What needs to be done ▸ Could you output each line below exactly as it appears, excluding any pictures?

Materials provided ▸
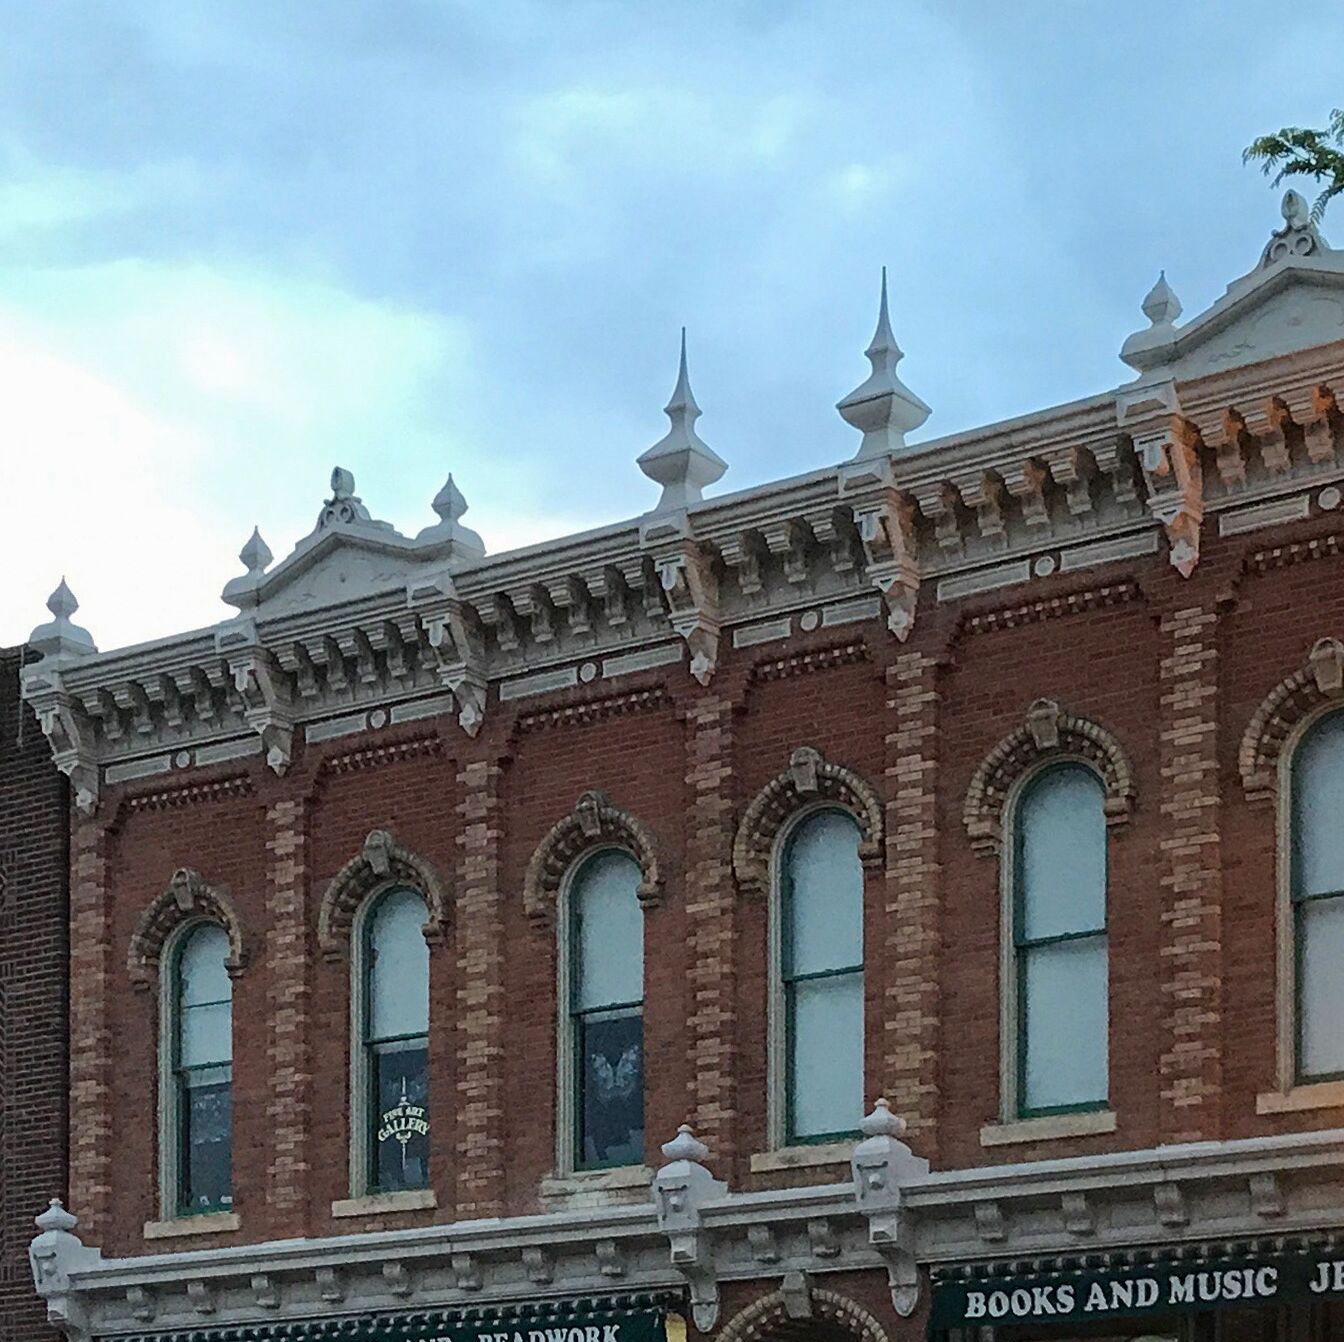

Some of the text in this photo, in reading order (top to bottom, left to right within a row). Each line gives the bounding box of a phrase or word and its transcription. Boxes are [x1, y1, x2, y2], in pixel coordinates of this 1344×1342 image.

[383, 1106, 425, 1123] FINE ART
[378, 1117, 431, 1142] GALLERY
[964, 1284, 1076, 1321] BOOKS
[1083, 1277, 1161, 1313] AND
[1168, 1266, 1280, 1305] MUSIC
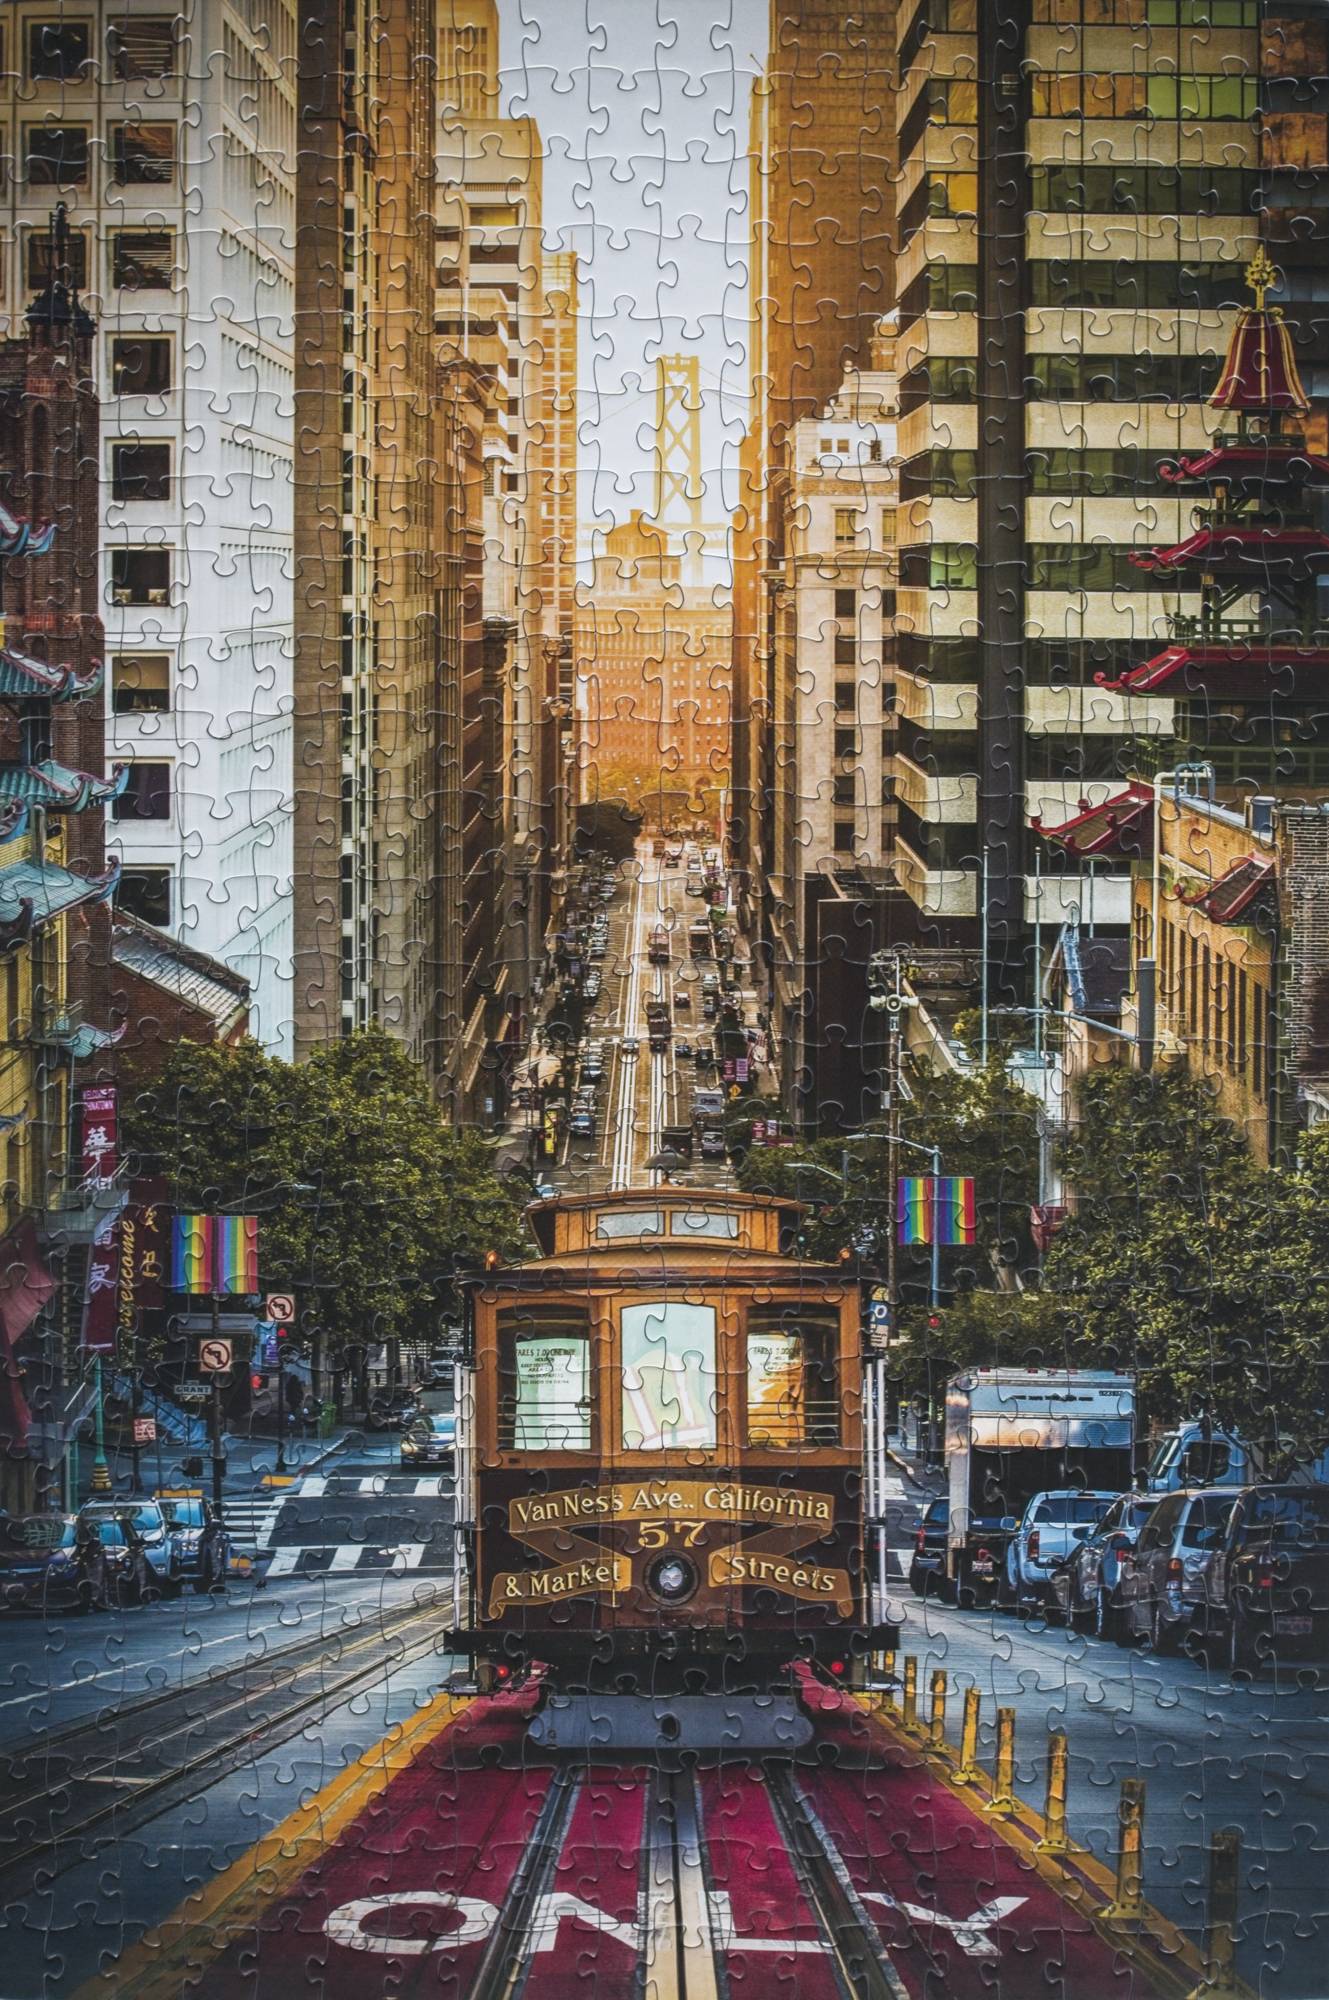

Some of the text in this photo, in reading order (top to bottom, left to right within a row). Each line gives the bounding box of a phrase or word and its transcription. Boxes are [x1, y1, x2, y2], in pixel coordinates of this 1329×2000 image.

Response below ▸
Some of the text in this photo, in reading order (top to bottom, left to right within a row). Each line gives the bounding box of a phrase or word and its transcription. Boxes are [x1, y1, x2, y2], in pixel coordinates of this 1344×1342 image.

[383, 1106, 425, 1123] FINE ART
[378, 1117, 431, 1142] GALLERY
[964, 1284, 1076, 1321] BOOKS
[1083, 1277, 1161, 1313] AND
[1168, 1266, 1280, 1305] MUSIC

Some of the text in this photo, in reading order (top to bottom, left to right within a row). Each line gives the bounding box of a phrase or word and its transcription. Boxes are [x1, y1, x2, y2], in pixel coordinates of this 1329×2000 image.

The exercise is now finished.